Seit Beginn der Industrialisierung Verschlechterung der Wasserqualität.
Voraussetzungen für die erfolgreiche Wiederansiedlung der Lachse
Qualität des Wassers: Seit Mitte der siebziger Jahre erste Kläranlagen. Dadurch Verbesserung der Wasserqualität im Rhein. 1978 verabschiedete die sozialliberale Bundesregierung das Abwasserabgabengesetz, das sich als sehr wirksames Instrument zur Reinhaltung der Gewässer erwies. Inzwischen sind neue Bedrohungen für die Gewässerqualität entstanden, z. B. durch Auslauf von Biogasanlagen. Dagegen muss Vorsorge getroffen werden. Allerdings sind zumeist nur kleinere Flussabschnitte betroffen.
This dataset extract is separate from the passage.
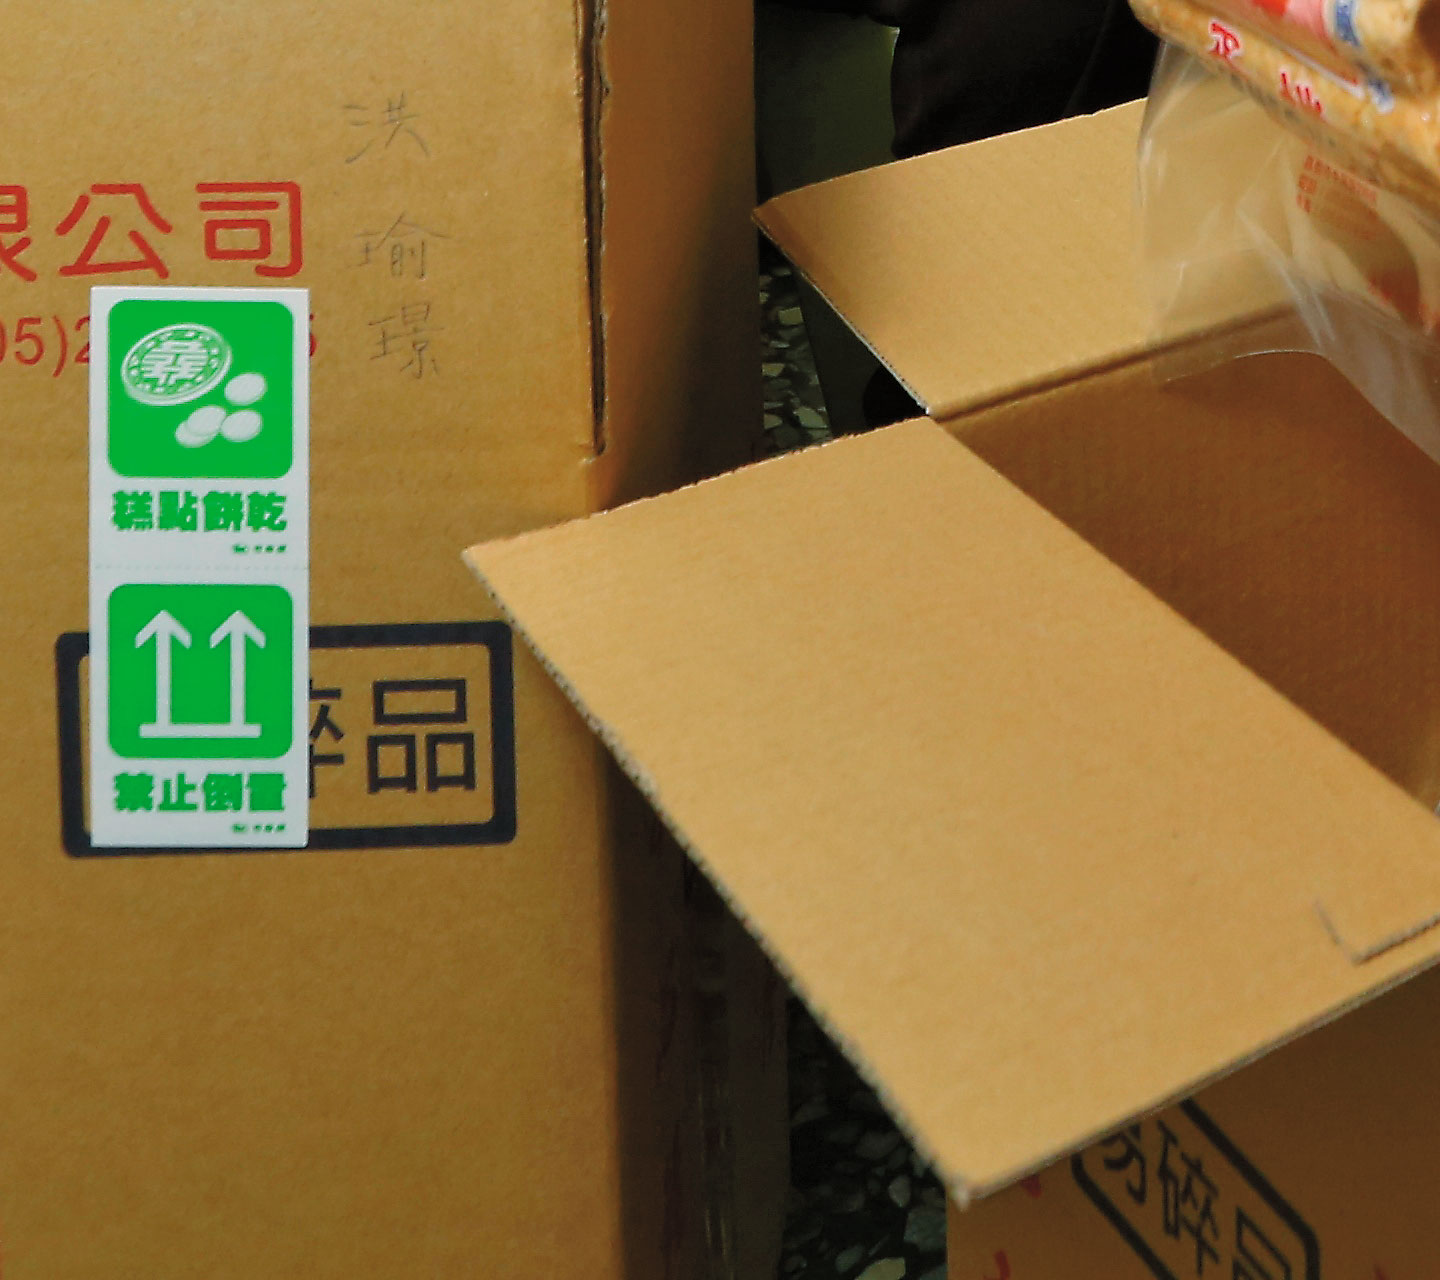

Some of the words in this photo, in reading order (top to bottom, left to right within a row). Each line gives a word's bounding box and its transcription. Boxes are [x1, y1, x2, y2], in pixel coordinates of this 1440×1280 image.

[112, 489, 289, 534] 糕點餅乾
[113, 772, 288, 814] 禁止倒置
Genetik. Da im Rhein keine geeigneten Elterntiere überlebt hatten, mussten Elterntiere aus anderen Stromgebieten zur Zucht verwendet werden. Zwei Beispiele: Der Landesfischereiverband Baden-Württemberg betreibt eine Zuchtanlage im Wolftal und züchtet dort mit Elterntieren aus der Allier (Flussgebiet der Loire). www.lfvbw.de Der Lachsverein züchtet in der Hasper Talsperre mit Elterntieren aus dem schwedischen Fluss Ätran. Inzwischen werden in beiden Zuchtanlagen (wie auch in anderen Zuchtanlagen in D) überwiegend aufgestiegene Lachse als Elterntiere verwendet.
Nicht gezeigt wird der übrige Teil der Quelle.